**WORK REQUEST:**
When a picture appears in the listing, leave it out and copy the rest exactly as it stands.

**STUDY MATERIAL:**
#####

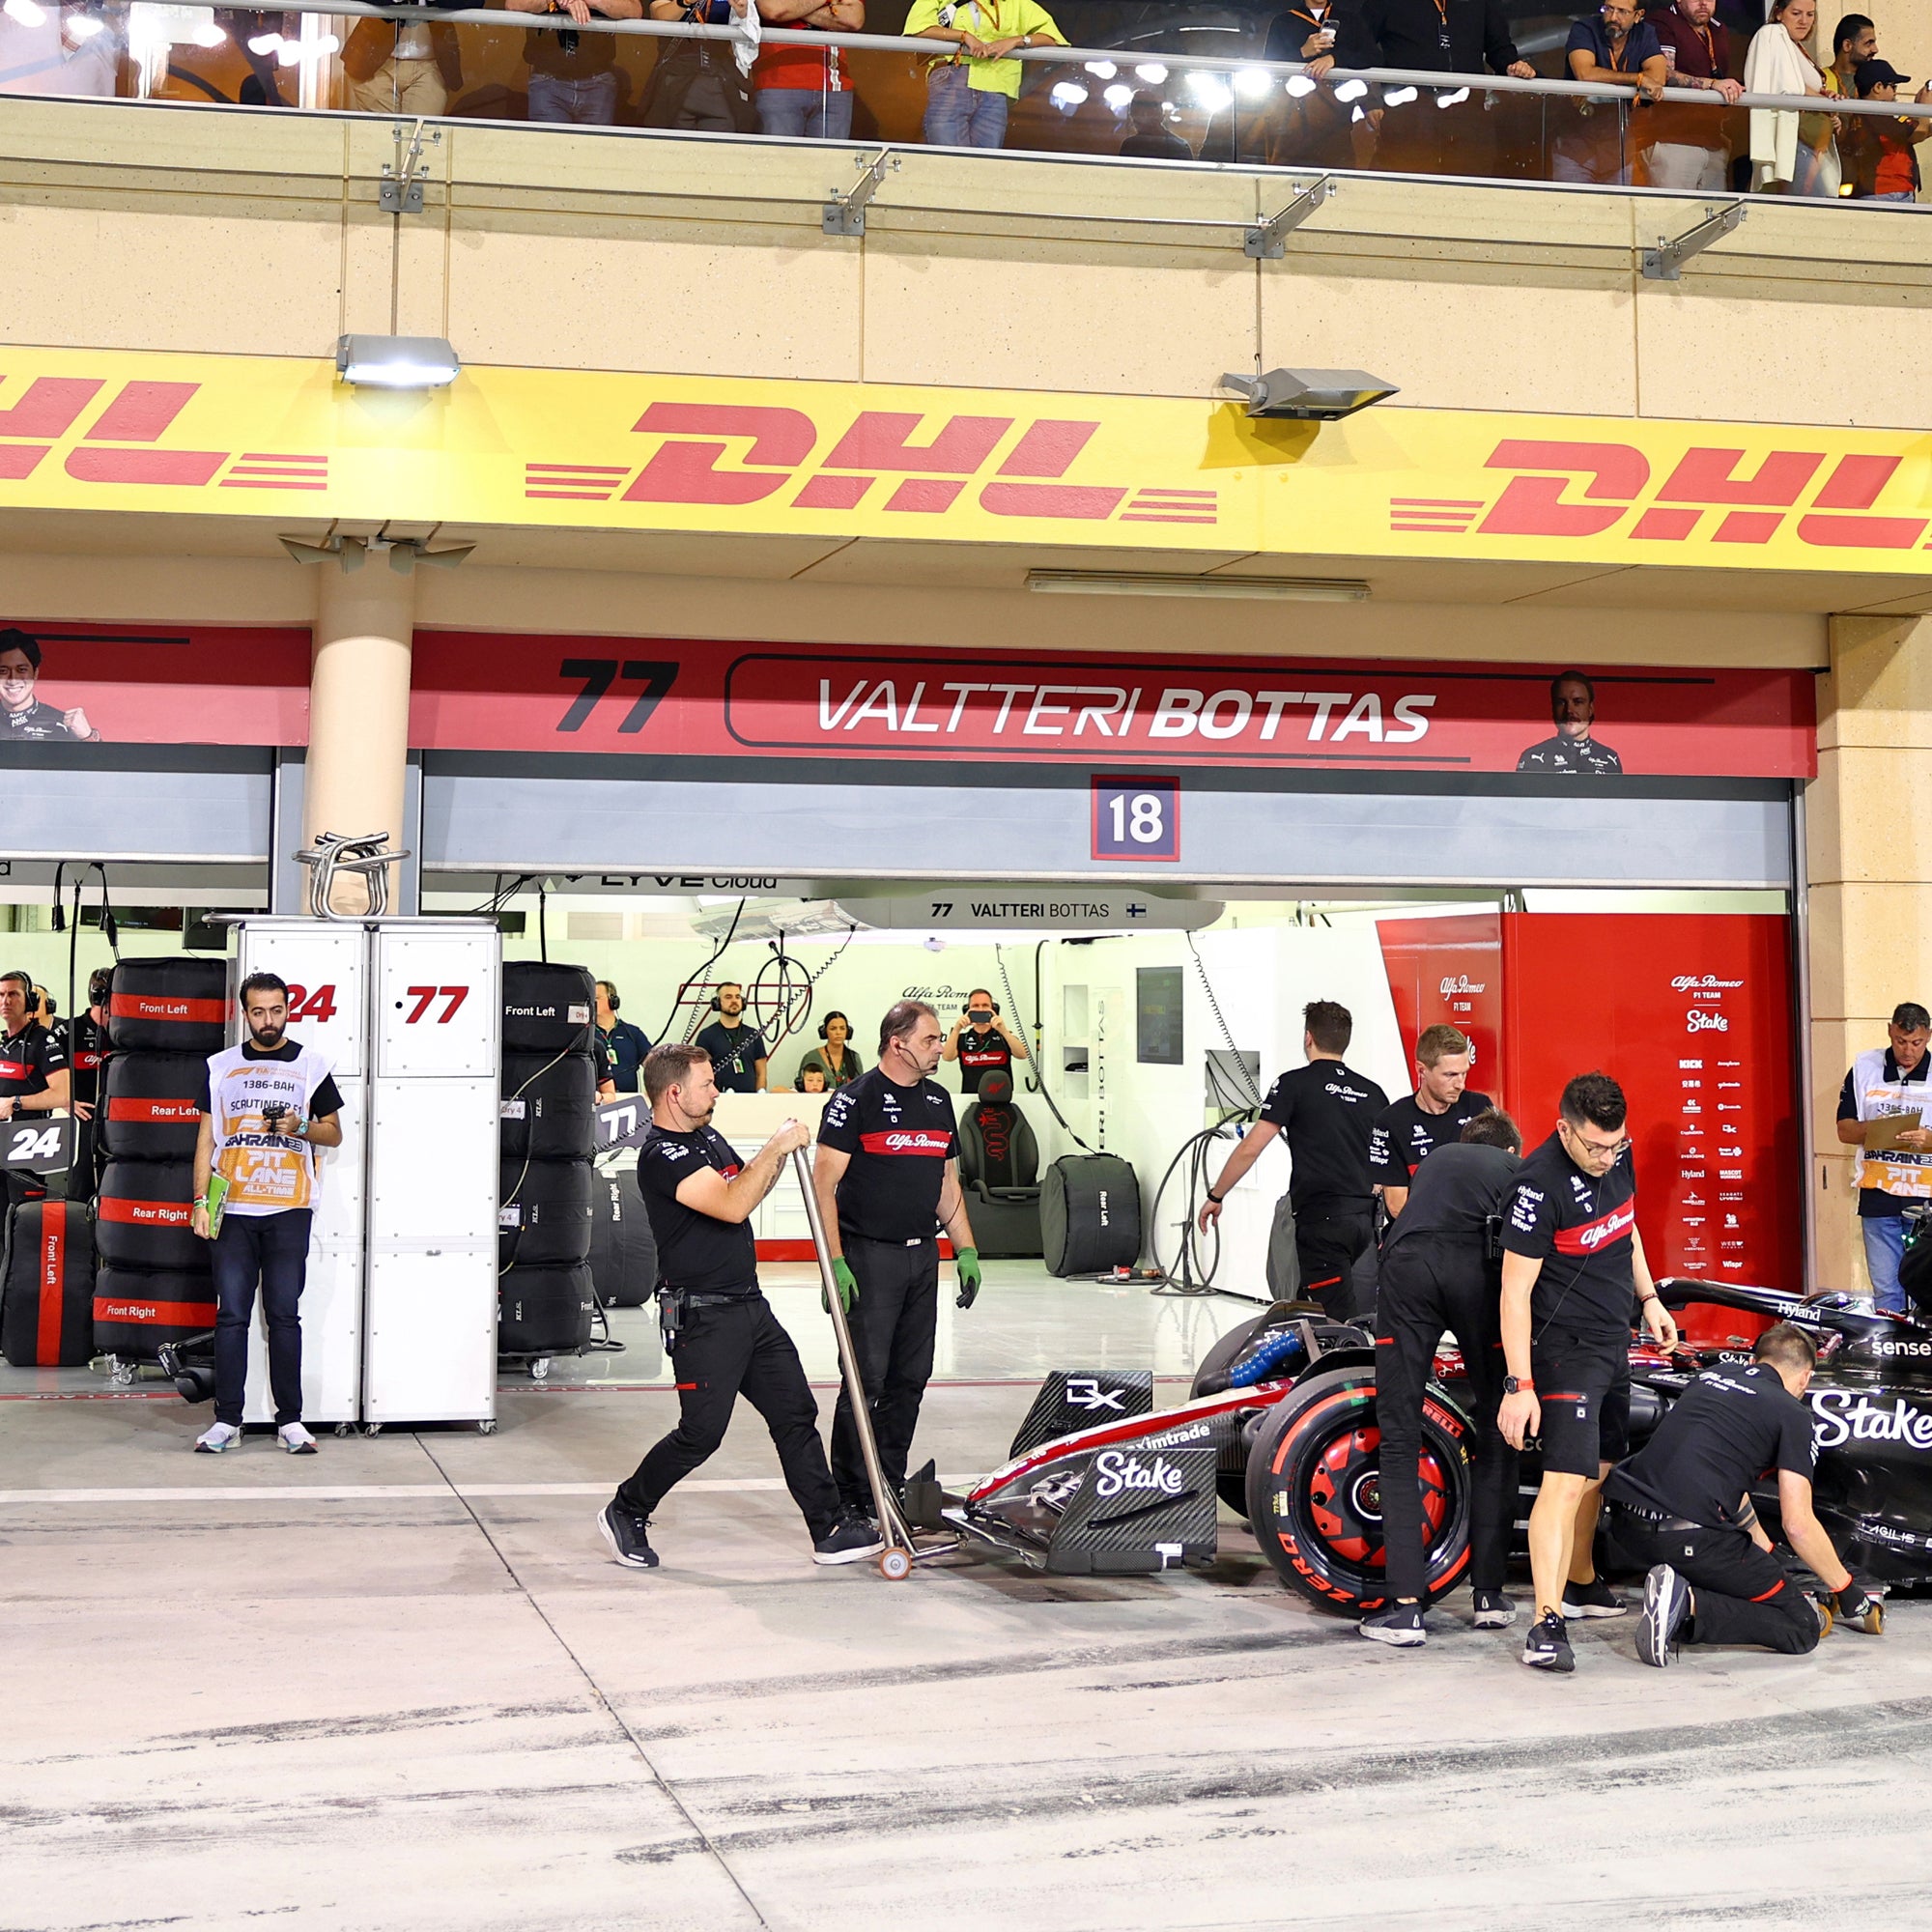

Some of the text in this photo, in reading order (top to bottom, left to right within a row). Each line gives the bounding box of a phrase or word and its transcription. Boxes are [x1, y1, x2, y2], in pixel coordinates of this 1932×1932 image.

[0, 375, 231, 486] HL
[620, 401, 1129, 520] DHL
[1476, 439, 1930, 550] DHL
[556, 659, 1437, 744] 77 VALTTERI BOTTAS
[1109, 794, 1164, 844] 18
[931, 903, 1110, 918] 77 VALTTERI BOTTAS
[935, 985, 969, 998] Rom
[1439, 974, 1485, 1001] Alfa Romeo
[1671, 974, 1744, 992] Alfa Romeo
[140, 1003, 187, 1015] Front Left
[286, 983, 337, 1023] 24
[405, 985, 470, 1024] 77
[505, 1005, 556, 1017] Front Left
[1687, 1009, 1728, 1033] Stake
[243, 1080, 295, 1093] 1386-BAH
[151, 1105, 176, 1117] Rear
[600, 1104, 637, 1143] 77
[8, 1126, 62, 1161] 24
[886, 1133, 949, 1151] Alfa Romeo
[247, 1150, 287, 1168] PIT
[235, 1165, 298, 1185] LANE
[1681, 1169, 1705, 1179] Hyland
[1886, 1166, 1922, 1182] PIT
[1518, 1185, 1545, 1202] Hyland
[1877, 1179, 1931, 1199] LANE
[132, 1207, 188, 1221] Rear Right
[1099, 1190, 1109, 1227] Rear Left
[1580, 1223, 1608, 1248] Alfa
[46, 1236, 58, 1285] Front Left
[1722, 1260, 1744, 1268] Wispr
[106, 1304, 156, 1319] Front Right
[1777, 1301, 1822, 1322] Hyland
[1871, 1341, 1932, 1356] sense
[1422, 1404, 1463, 1438] RELLI
[1811, 1389, 1932, 1450] Stake
[1126, 1424, 1210, 1449] ximtrade
[1095, 1451, 1183, 1496] Stake
[1276, 1531, 1355, 1605] ZERO

#####

**EXPECTED ANSWER:**
Some of the text in this photo, in reading order (top to bottom, left to right within a row). Each line gives the bounding box of a phrase or word and its transcription. Boxes are [x1, y1, x2, y2], in pixel coordinates of this 1932×1932 image.

[0, 375, 231, 486] HL
[620, 401, 1129, 520] DHL
[1476, 439, 1930, 550] DHL
[556, 659, 1437, 744] 77 VALTTERI BOTTAS
[1109, 794, 1164, 844] 18
[931, 903, 1110, 918] 77 VALTTERI BOTTAS
[935, 985, 969, 998] Rom
[1439, 974, 1485, 1001] Alfa Romeo
[1671, 974, 1744, 992] Alfa Romeo
[140, 1003, 187, 1015] Front Left
[286, 983, 337, 1023] 24
[405, 985, 470, 1024] 77
[505, 1005, 556, 1017] Front Left
[1687, 1009, 1728, 1033] Stake
[243, 1080, 295, 1093] 1386-BAH
[151, 1105, 176, 1117] Rear
[600, 1104, 637, 1143] 77
[8, 1126, 62, 1161] 24
[886, 1133, 949, 1151] Alfa Romeo
[247, 1150, 287, 1168] PIT
[235, 1165, 298, 1185] LANE
[1681, 1169, 1705, 1179] Hyland
[1886, 1166, 1922, 1182] PIT
[1518, 1185, 1545, 1202] Hyland
[1877, 1179, 1931, 1199] LANE
[132, 1207, 188, 1221] Rear Right
[1099, 1190, 1109, 1227] Rear Left
[1580, 1223, 1608, 1248] Alfa
[46, 1236, 58, 1285] Front Left
[1722, 1260, 1744, 1268] Wispr
[106, 1304, 156, 1319] Front Right
[1777, 1301, 1822, 1322] Hyland
[1871, 1341, 1932, 1356] sense
[1422, 1404, 1463, 1438] RELLI
[1811, 1389, 1932, 1450] Stake
[1126, 1424, 1210, 1449] ximtrade
[1095, 1451, 1183, 1496] Stake
[1276, 1531, 1355, 1605] ZERO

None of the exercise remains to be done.